**Work instructions**
Only the text carries over: repeat the records exactly and drop the images.

**Data for this exercise**

============

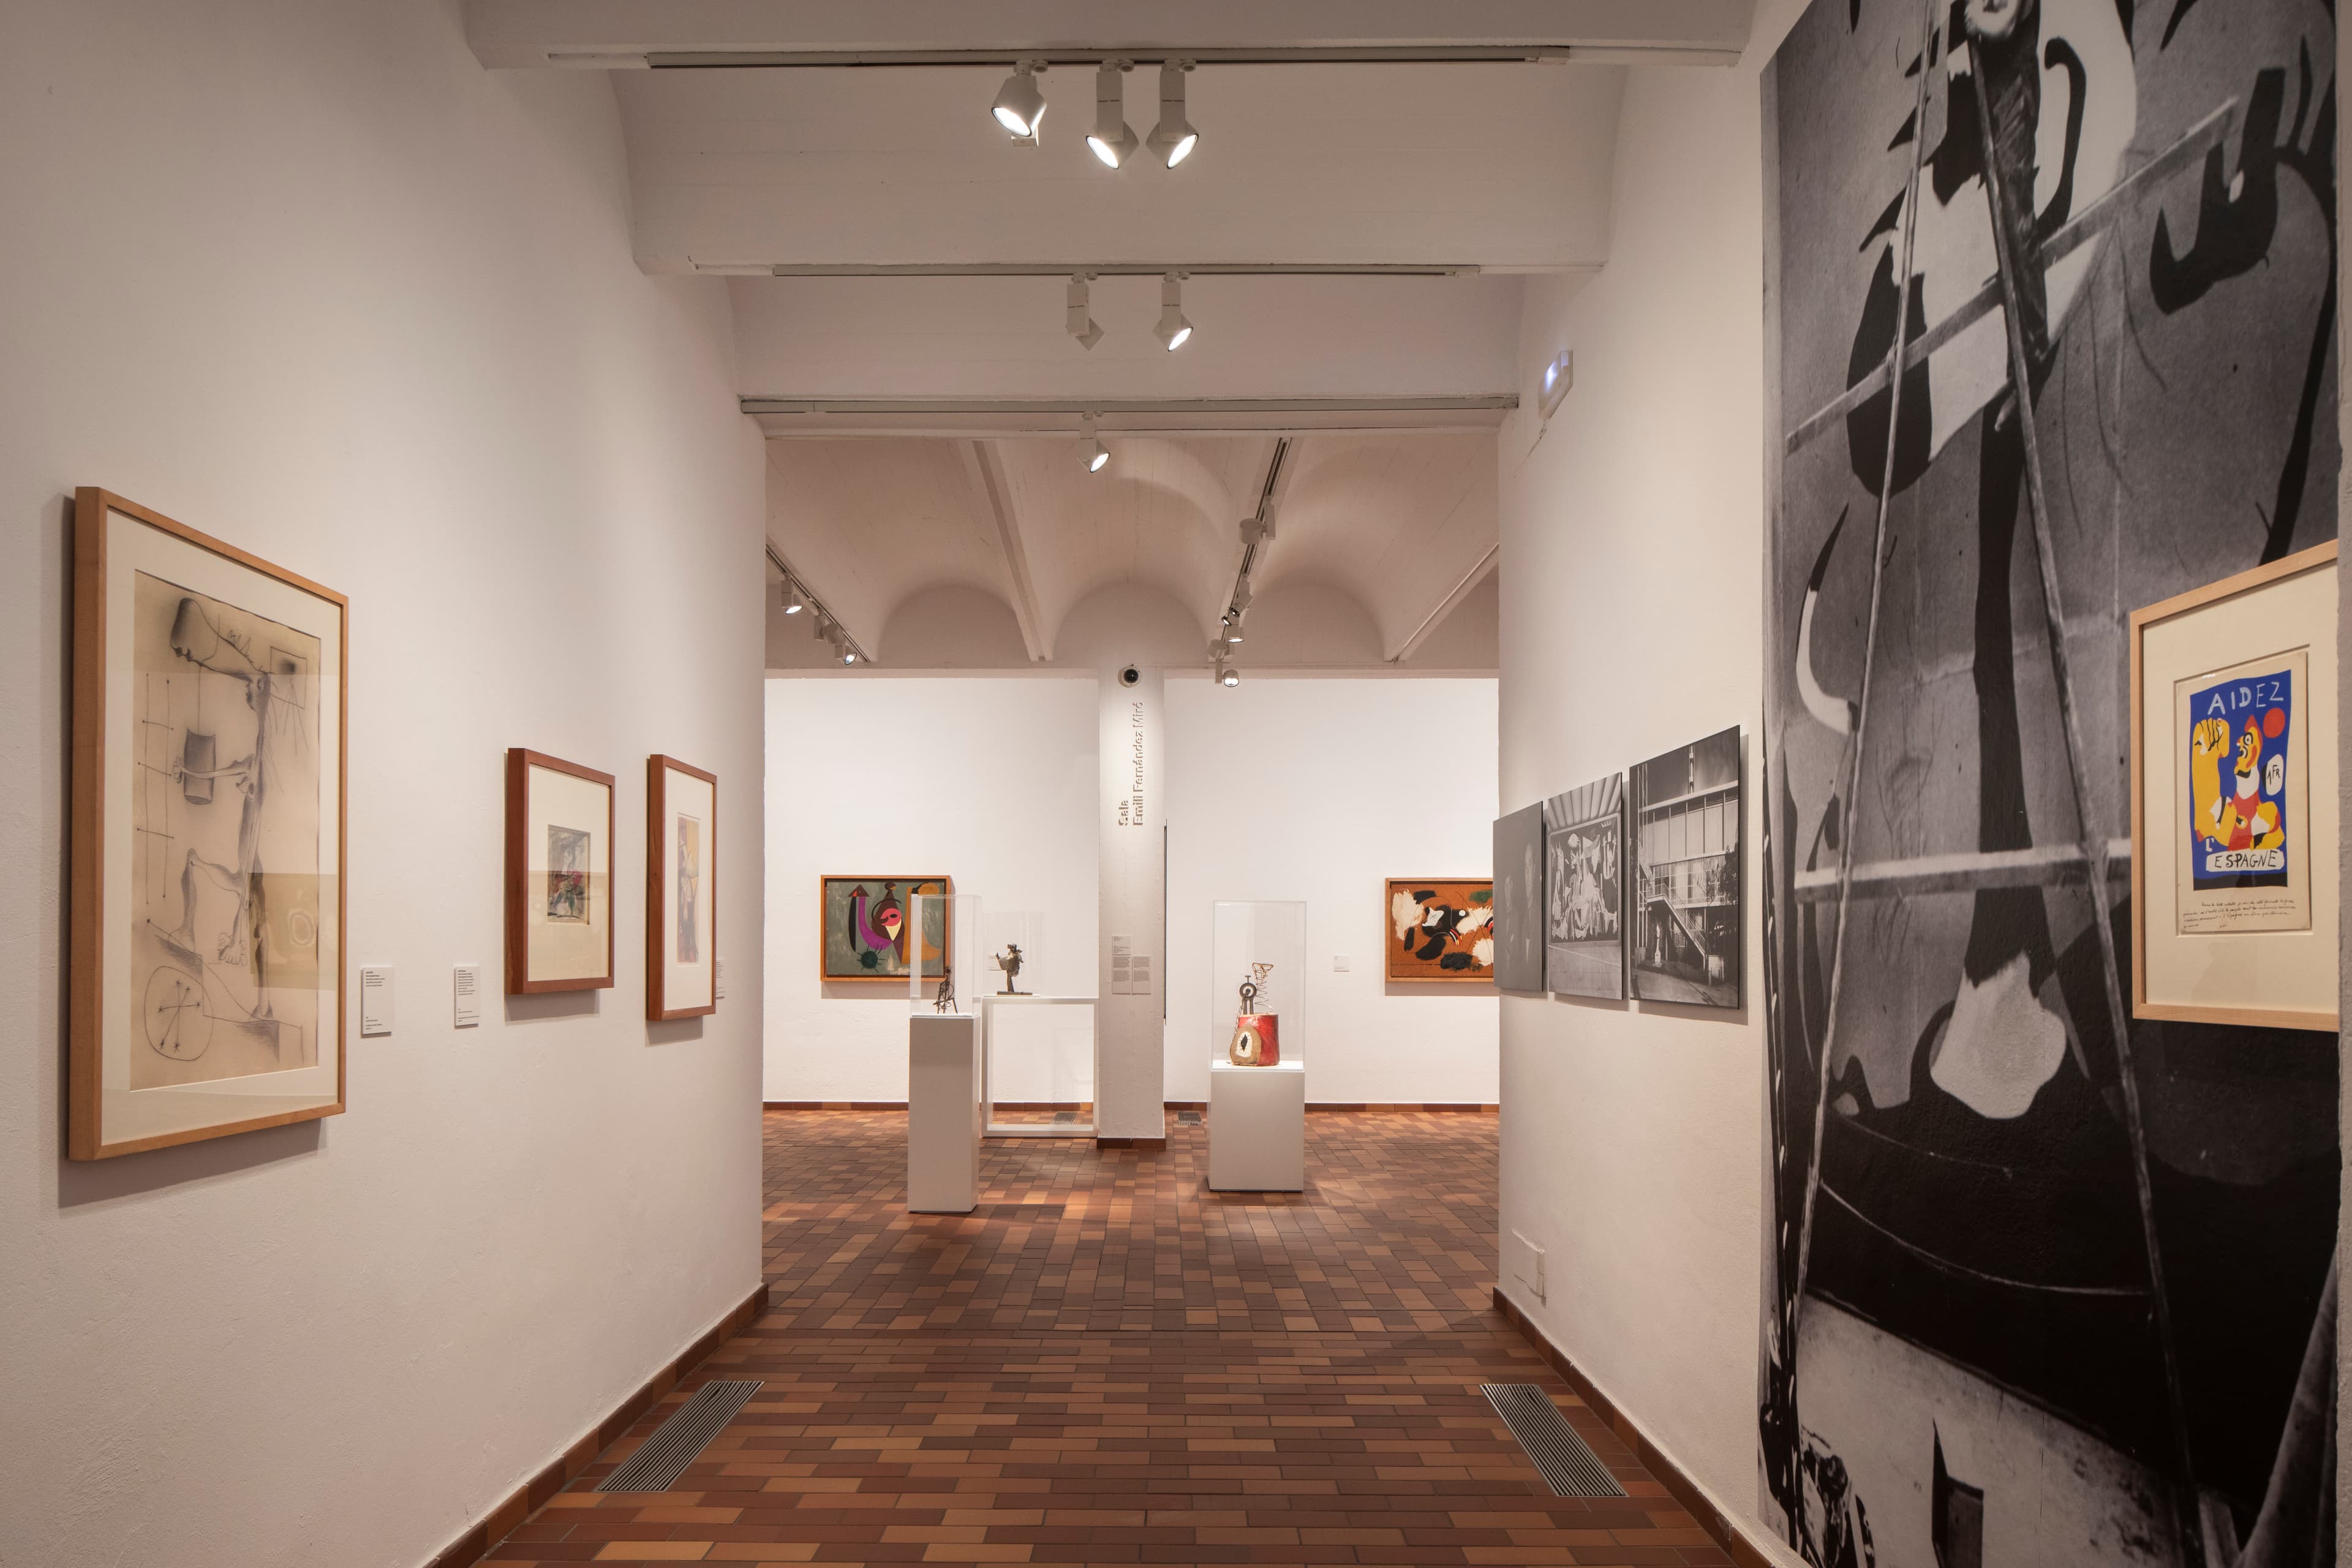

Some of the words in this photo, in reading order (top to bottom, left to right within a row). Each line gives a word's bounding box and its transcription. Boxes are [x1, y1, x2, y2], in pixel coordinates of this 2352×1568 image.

[2207, 681, 2284, 715] AIDEZ
[1132, 701, 1144, 728] Miró
[1133, 730, 1144, 792] Fernández
[1118, 799, 1129, 826] Sala
[1133, 795, 1144, 826] Emili
[2214, 849, 2278, 869] ESPAGNE
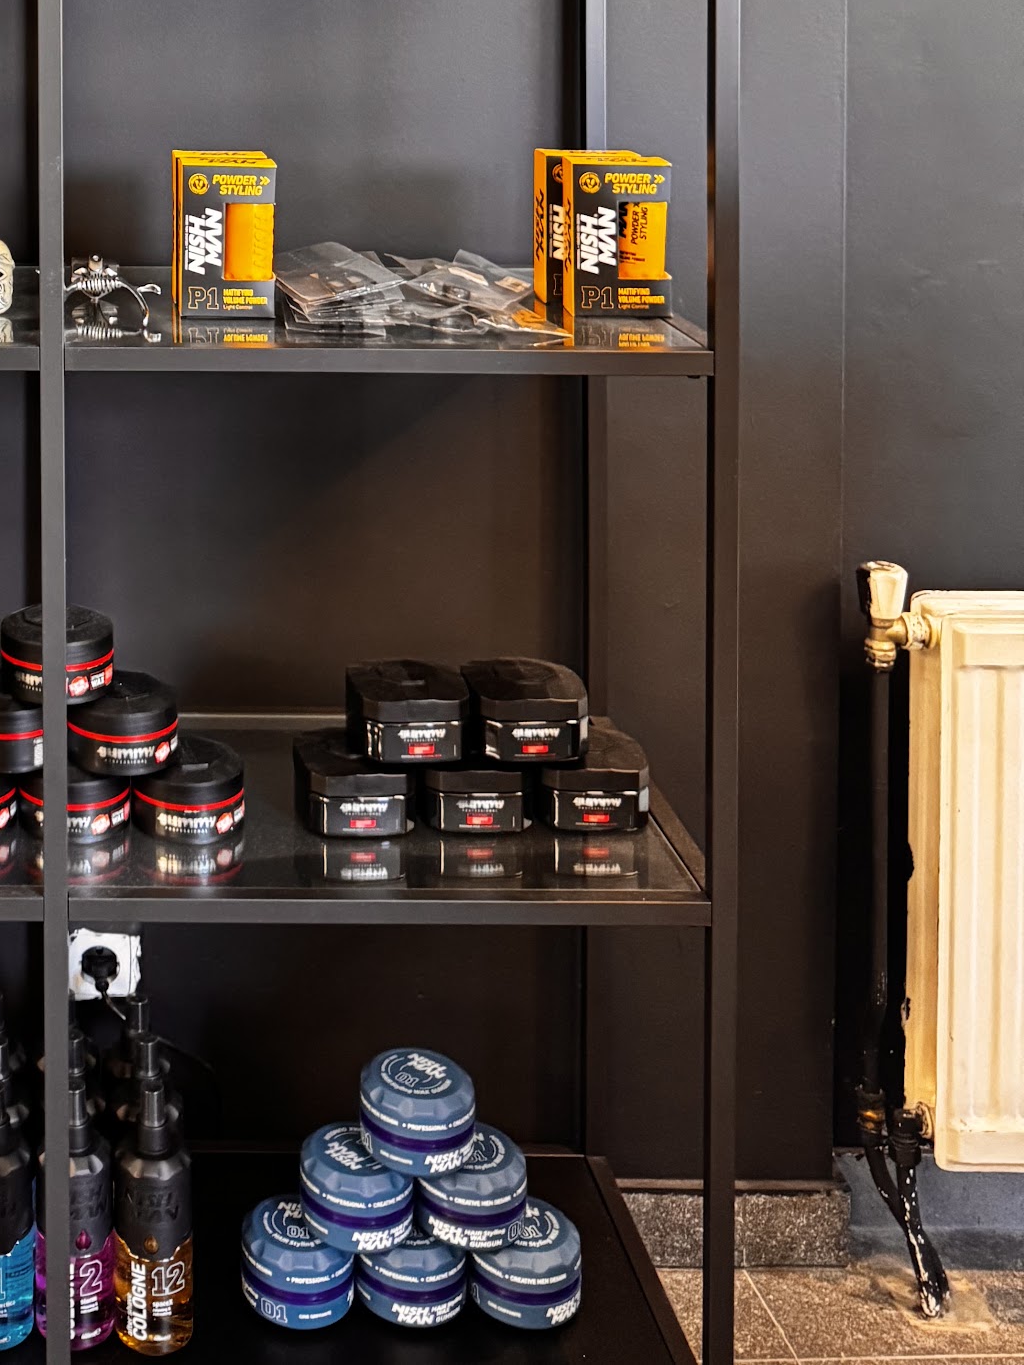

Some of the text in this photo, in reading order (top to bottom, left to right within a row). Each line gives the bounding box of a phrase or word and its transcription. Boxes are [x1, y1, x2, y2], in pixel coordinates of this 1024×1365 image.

[212, 174, 257, 185] POWDER
[605, 173, 651, 184] POWDER
[219, 185, 262, 196] STYLING
[612, 184, 657, 195] STYLING
[631, 211, 640, 245] POWDER
[640, 206, 648, 240] STYLING
[205, 207, 222, 267] MAN
[598, 206, 617, 267] MAN
[188, 286, 219, 310] P1
[245, 297, 268, 305] POWDER
[582, 286, 614, 309] P1
[642, 296, 665, 305] POWDER
[407, 1123, 448, 1131] PROFESSIONAL
[430, 1155, 461, 1173] MAN
[326, 1194, 366, 1208] PROFESSIONAL
[287, 1225, 310, 1239] 01
[433, 1229, 468, 1246] MAN
[465, 1228, 506, 1238] HAIR Styling
[357, 1237, 392, 1251] MAN
[80, 1259, 102, 1297] 2
[151, 1260, 185, 1296] 12
[291, 1275, 330, 1284] PROFESSIONAL
[379, 1267, 419, 1283] PROFESSIONAL
[131, 1260, 147, 1341] COLOGNE
[261, 1298, 287, 1323] 01
[397, 1314, 434, 1325] MAN

============

**Response for this exercise**
Some of the words in this photo, in reading order (top to bottom, left to right within a row). Each line gives a word's bounding box and its transcription. Boxes are [x1, y1, x2, y2], in pixel coordinates of this 2352×1568 image.

[2207, 681, 2284, 715] AIDEZ
[1132, 701, 1144, 728] Miró
[1133, 730, 1144, 792] Fernández
[1118, 799, 1129, 826] Sala
[1133, 795, 1144, 826] Emili
[2214, 849, 2278, 869] ESPAGNE

Some of the text in this photo, in reading order (top to bottom, left to right within a row). Each line gives the bounding box of a phrase or word and its transcription. Boxes are [x1, y1, x2, y2], in pixel coordinates of this 1024×1365 image.

[212, 174, 257, 185] POWDER
[605, 173, 651, 184] POWDER
[219, 185, 262, 196] STYLING
[612, 184, 657, 195] STYLING
[631, 211, 640, 245] POWDER
[640, 206, 648, 240] STYLING
[205, 207, 222, 267] MAN
[598, 206, 617, 267] MAN
[188, 286, 219, 310] P1
[245, 297, 268, 305] POWDER
[582, 286, 614, 309] P1
[642, 296, 665, 305] POWDER
[407, 1123, 448, 1131] PROFESSIONAL
[430, 1155, 461, 1173] MAN
[326, 1194, 366, 1208] PROFESSIONAL
[287, 1225, 310, 1239] 01
[433, 1229, 468, 1246] MAN
[465, 1228, 506, 1238] HAIR Styling
[357, 1237, 392, 1251] MAN
[80, 1259, 102, 1297] 2
[151, 1260, 185, 1296] 12
[291, 1275, 330, 1284] PROFESSIONAL
[379, 1267, 419, 1283] PROFESSIONAL
[131, 1260, 147, 1341] COLOGNE
[261, 1298, 287, 1323] 01
[397, 1314, 434, 1325] MAN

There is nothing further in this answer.